Source records:
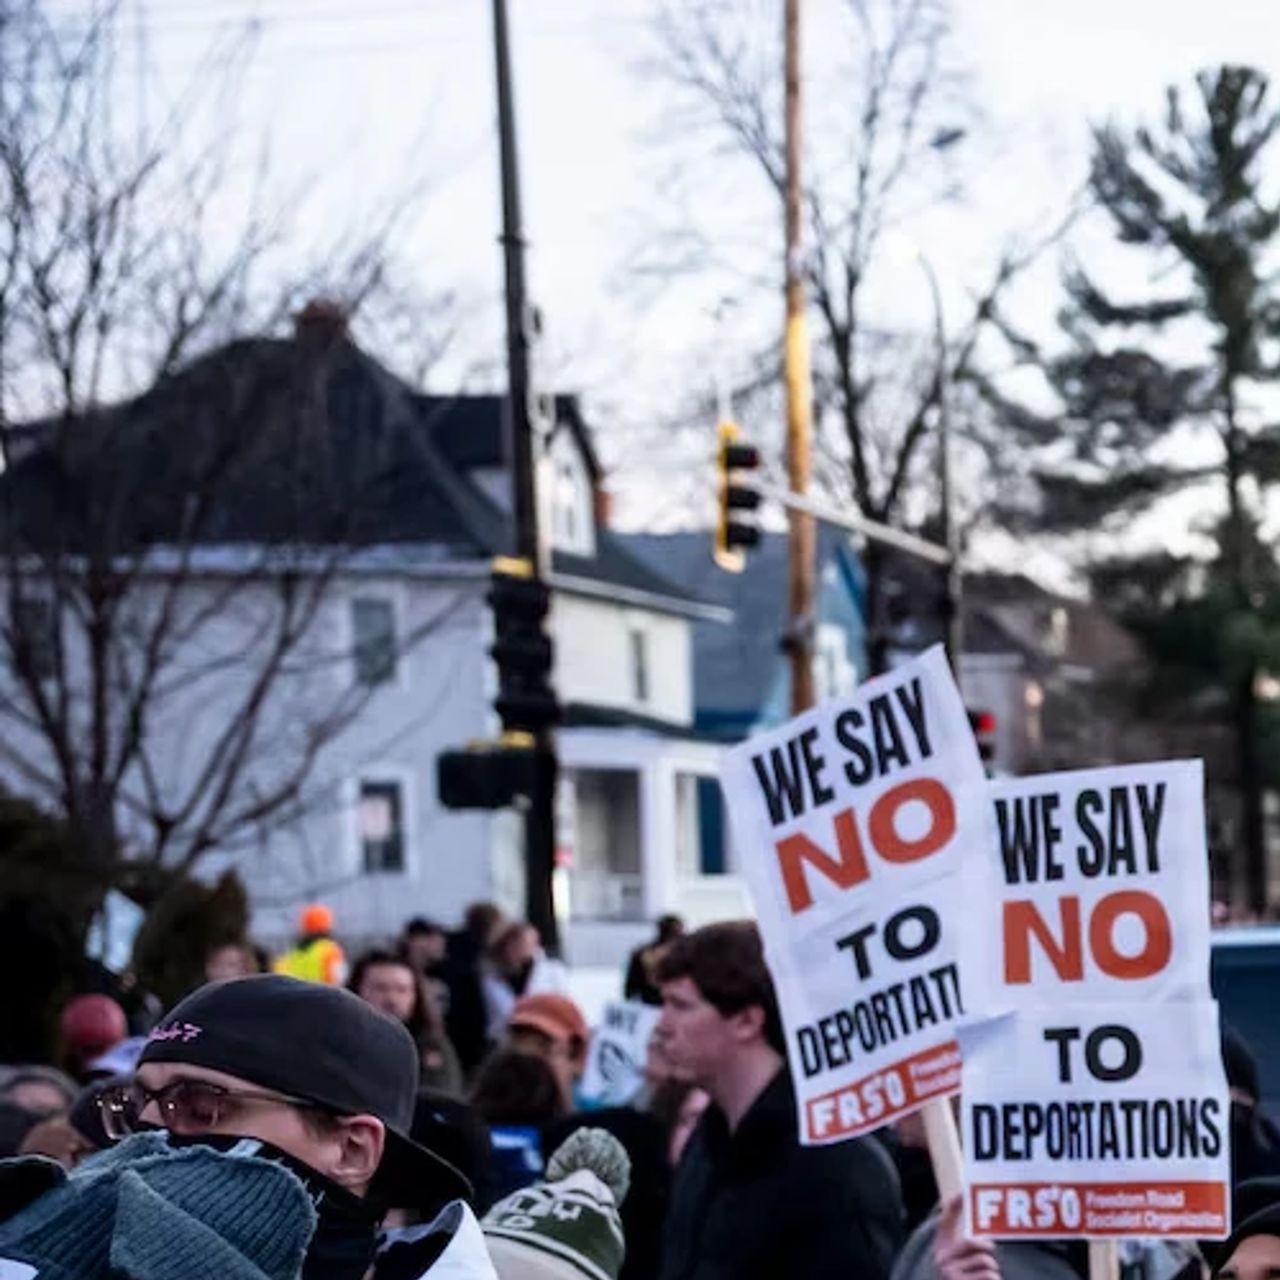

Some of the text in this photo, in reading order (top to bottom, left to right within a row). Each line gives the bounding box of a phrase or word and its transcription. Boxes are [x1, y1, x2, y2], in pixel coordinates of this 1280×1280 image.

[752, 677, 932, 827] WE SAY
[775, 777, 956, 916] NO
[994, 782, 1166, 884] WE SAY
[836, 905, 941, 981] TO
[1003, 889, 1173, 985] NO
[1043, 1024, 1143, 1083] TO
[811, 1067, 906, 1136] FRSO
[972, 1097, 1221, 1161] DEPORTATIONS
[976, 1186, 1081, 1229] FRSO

==

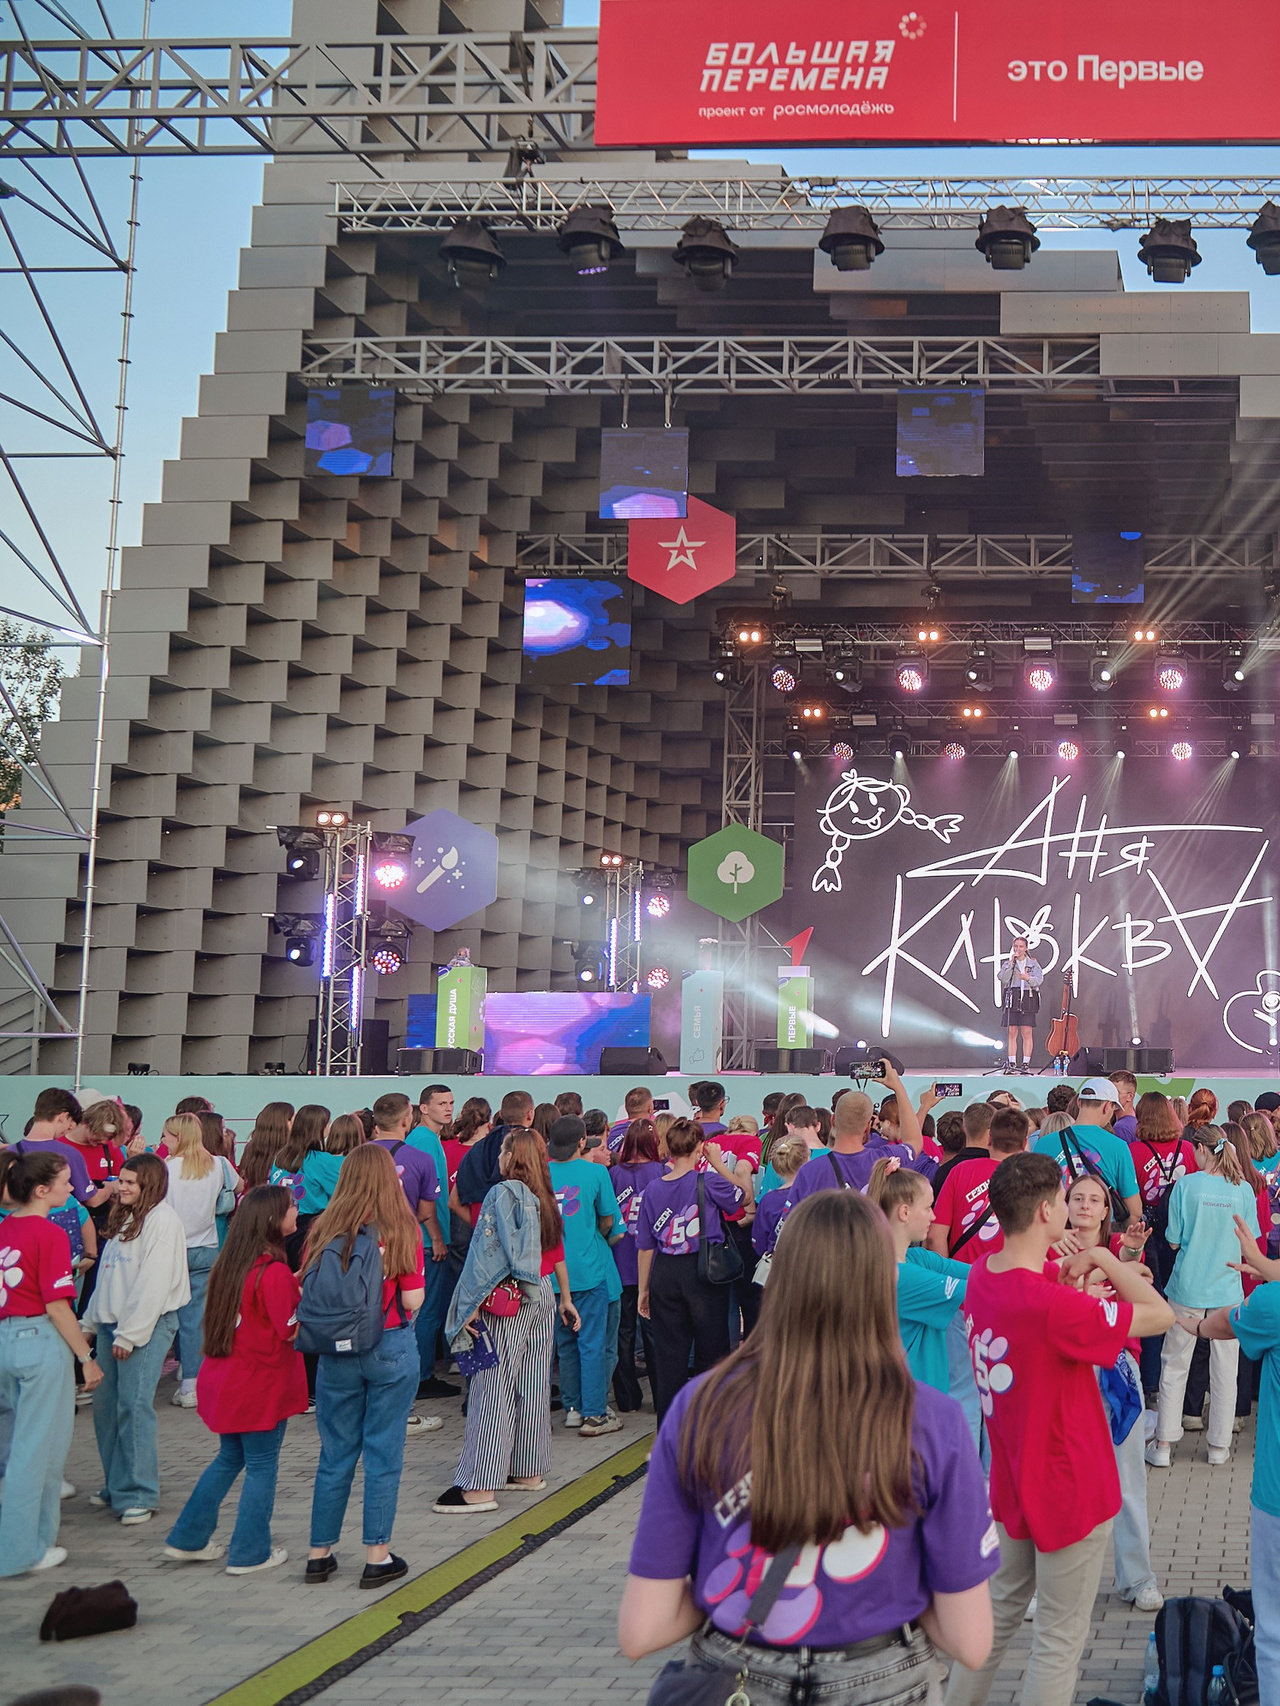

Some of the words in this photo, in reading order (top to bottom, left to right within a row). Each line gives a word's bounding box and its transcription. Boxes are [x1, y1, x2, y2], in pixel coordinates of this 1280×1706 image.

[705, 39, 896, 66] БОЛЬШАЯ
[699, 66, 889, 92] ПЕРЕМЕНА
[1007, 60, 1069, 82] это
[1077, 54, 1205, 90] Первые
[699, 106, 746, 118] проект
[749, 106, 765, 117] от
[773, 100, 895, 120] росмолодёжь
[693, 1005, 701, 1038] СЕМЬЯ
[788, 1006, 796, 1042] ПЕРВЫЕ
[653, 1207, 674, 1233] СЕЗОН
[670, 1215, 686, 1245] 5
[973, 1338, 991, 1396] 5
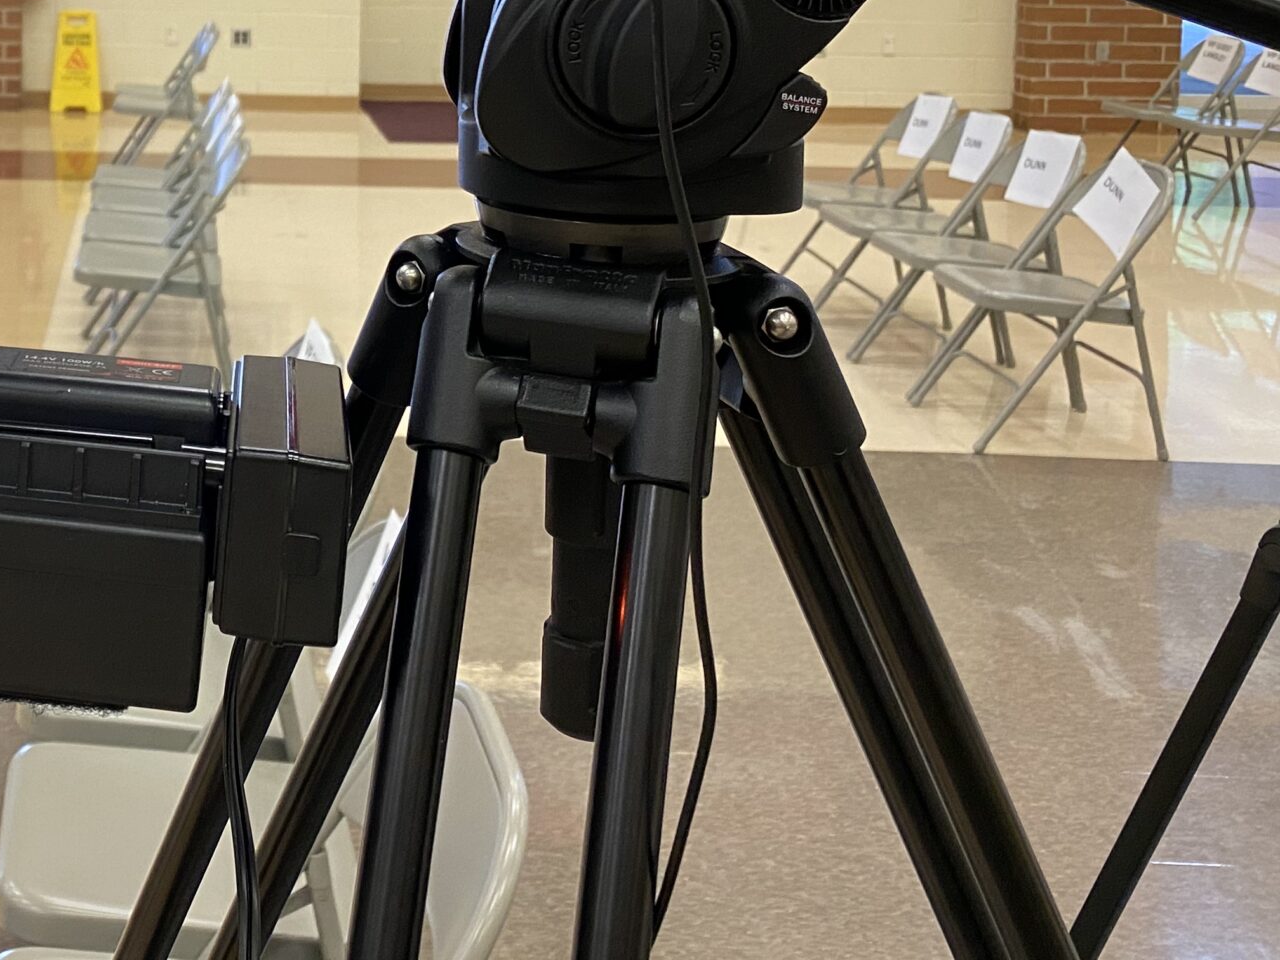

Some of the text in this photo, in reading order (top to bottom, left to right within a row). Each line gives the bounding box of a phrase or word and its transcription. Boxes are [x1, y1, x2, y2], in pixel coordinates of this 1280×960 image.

What this task involves: Excluding any pictures, print exactly the lines of the listing above from the line with "Some of the words" to the line with "this 1280×960 image.", both ends included.

Answer section:
Some of the words in this photo, in reading order (top to bottom, left to right within a row). Each line gives a word's bounding box and its transcription. Boxes are [x1, y1, x2, y2], in pixel coordinates of this 1280×1706 image.

[705, 39, 896, 66] БОЛЬШАЯ
[699, 66, 889, 92] ПЕРЕМЕНА
[1007, 60, 1069, 82] это
[1077, 54, 1205, 90] Первые
[699, 106, 746, 118] проект
[749, 106, 765, 117] от
[773, 100, 895, 120] росмолодёжь
[693, 1005, 701, 1038] СЕМЬЯ
[788, 1006, 796, 1042] ПЕРВЫЕ
[653, 1207, 674, 1233] СЕЗОН
[670, 1215, 686, 1245] 5
[973, 1338, 991, 1396] 5

Some of the text in this photo, in reading order (top to bottom, left to right within a row). Each line gives the bounding box of a phrase or word and its transcription. Boxes are [x1, y1, x2, y2], in pixel coordinates of this 1280×960 image.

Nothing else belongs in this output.